The Code of Conduct, which was introduced by President Eisenhower in 1955, is based on time-honored concepts and traditions dating back to the American Revolution.
The six articles outline the obligations and responsibilities of U.S. service members in harm's way.
I am an American, fighting in the forces which guard my country and our way of life. I am prepared to give my life in their defense.
I will never surrender of my own free will. If in command, I will never surrender the members of my command while they still have the means to resist.
If I am captured I will continue to resist by all means available. I will make every effort to escape and to aid others to escape. I will accept neither parole nor special favors from the enemy.
If I become a prisoner of war, I will keep faith with my fellow prisoners. I will give no information nor take part in any action which might be harmfull to my comrades. If I am senior, I will take command. If not, I will obey lawful orders of those appointed over me and will back them in every way.

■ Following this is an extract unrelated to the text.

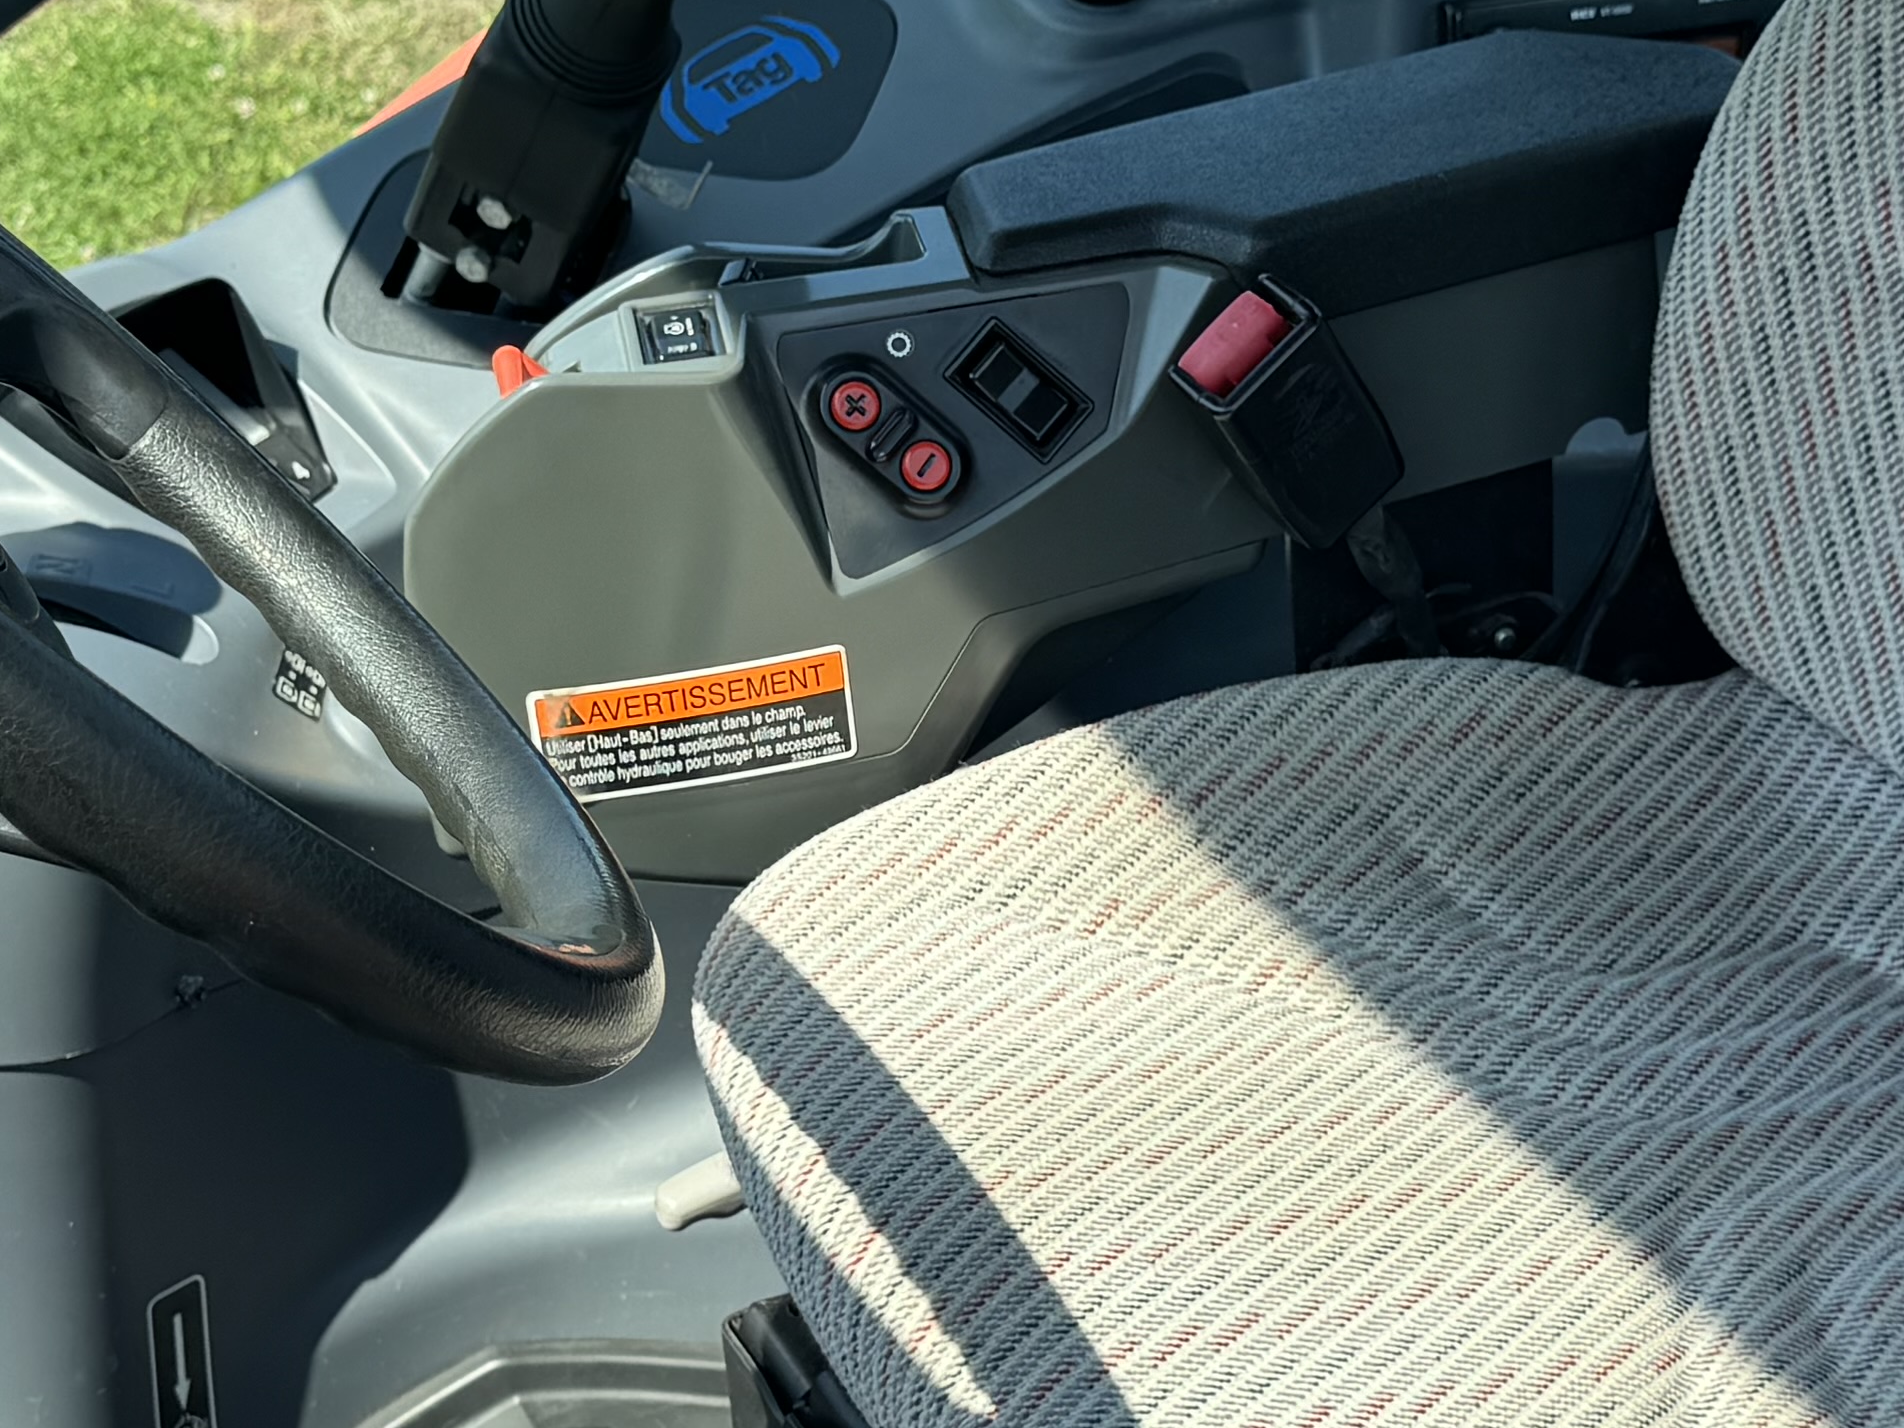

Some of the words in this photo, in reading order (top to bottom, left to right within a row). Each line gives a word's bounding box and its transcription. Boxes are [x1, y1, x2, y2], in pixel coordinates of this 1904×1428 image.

When questioned, should I become a prisoner of war, I am required to give name, rank, service number, and date of birth. I will evade answering further questions to the utmost of my ability. I will make no oral or written statements disloyal to my country or its allies or harmful to their cause.
I will never forget that I am an American, fighting for freedom, responsible for my actions, and dedicated to the principles which made my country free. I will trust in my God and in the United States of America.